Деревушка-невеличка мигом затерялась позади. Небо сияло прохладной лазурью, и осенняя паутина поблескивала по межам.

— Ни разу еще такое место гадкое не видали, — хмыкнула Катя. — Ведь было у этой карги, все небось было.

— А, ну ее к лешему, — Нелли поправила на скаку треуголку. — Третий час пополудни. Ну правду доскачем засветло? Знаешь ведь, я кашляю в черных избах ночевать.

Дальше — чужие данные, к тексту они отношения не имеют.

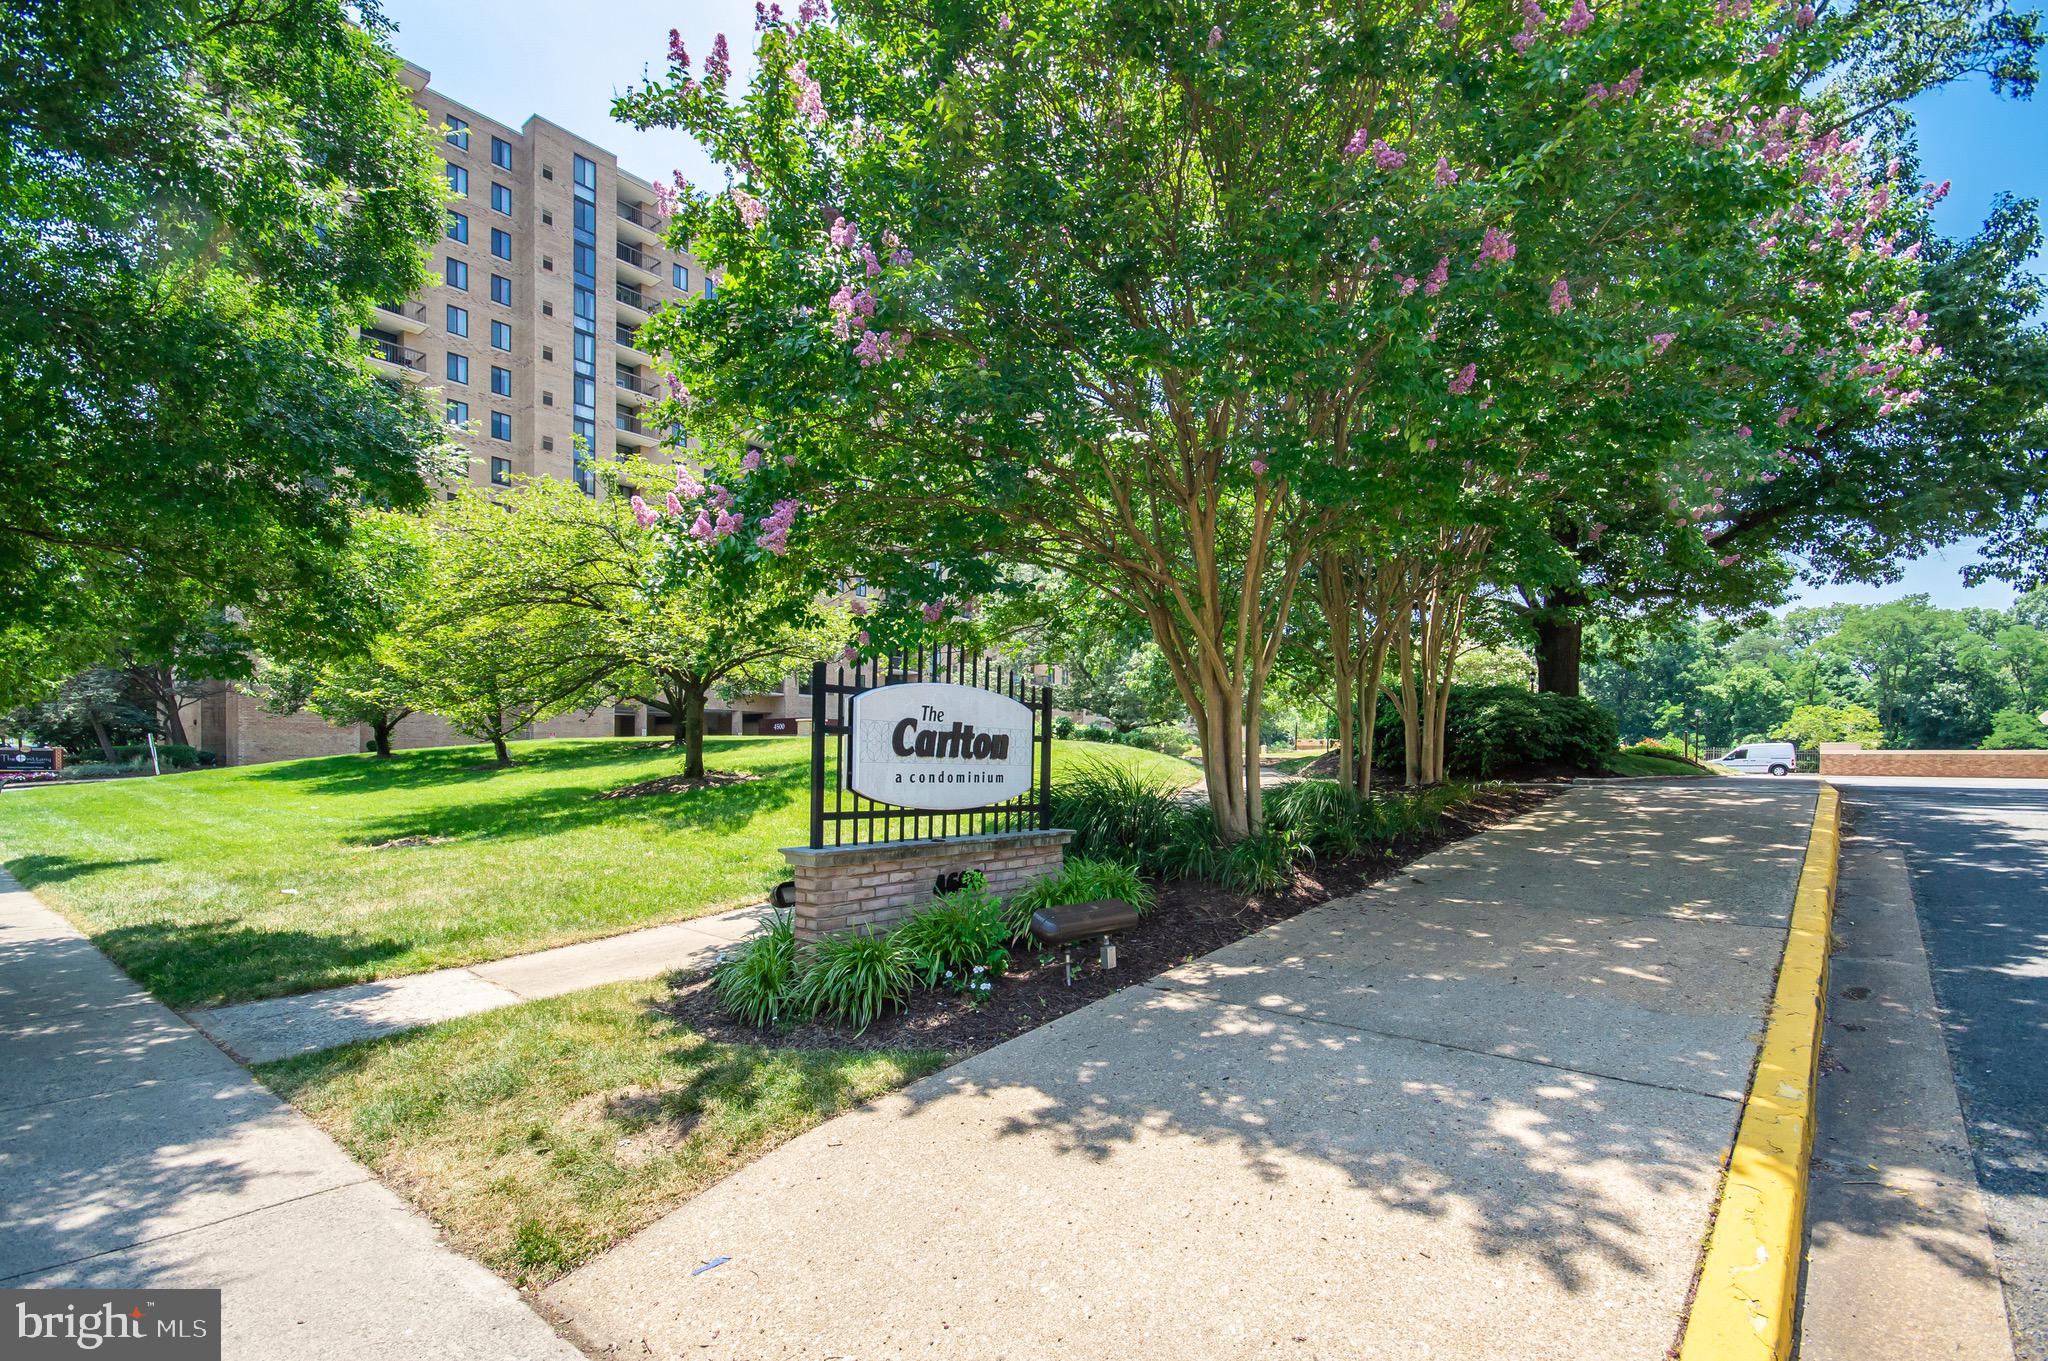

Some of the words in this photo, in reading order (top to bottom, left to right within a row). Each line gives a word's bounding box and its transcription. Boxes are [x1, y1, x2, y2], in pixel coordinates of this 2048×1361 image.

— А еще чишешь и сморкаешься. Всю ночь.

— Ну тебя совсем, — Нелли помчалась вперед.

Местность между тем изменилась. Леса не приблизились, но по обеим сторонам дороги то там, то здесь замелькали болотца. Одно, другое, пятое… Вот уж черная стена камышей стала сплошной, а дорога под копытами сменилась полусгнившей гатью.

— Ну, заехали… Увязнем, не дай Бог. — Катя пустила шагом.

— Слушай, Катька, где-то я слышала об этом селе… Старая Тяга… Название больно смешное, охотничье. Старая Тяга под Велецком…

— Да какая нам разница? Я другое вот вижу. Чем ближе к городу, тем дорога лучше бывает… А эту гать поди сто лет не подновляли. Не заплутали мы часом?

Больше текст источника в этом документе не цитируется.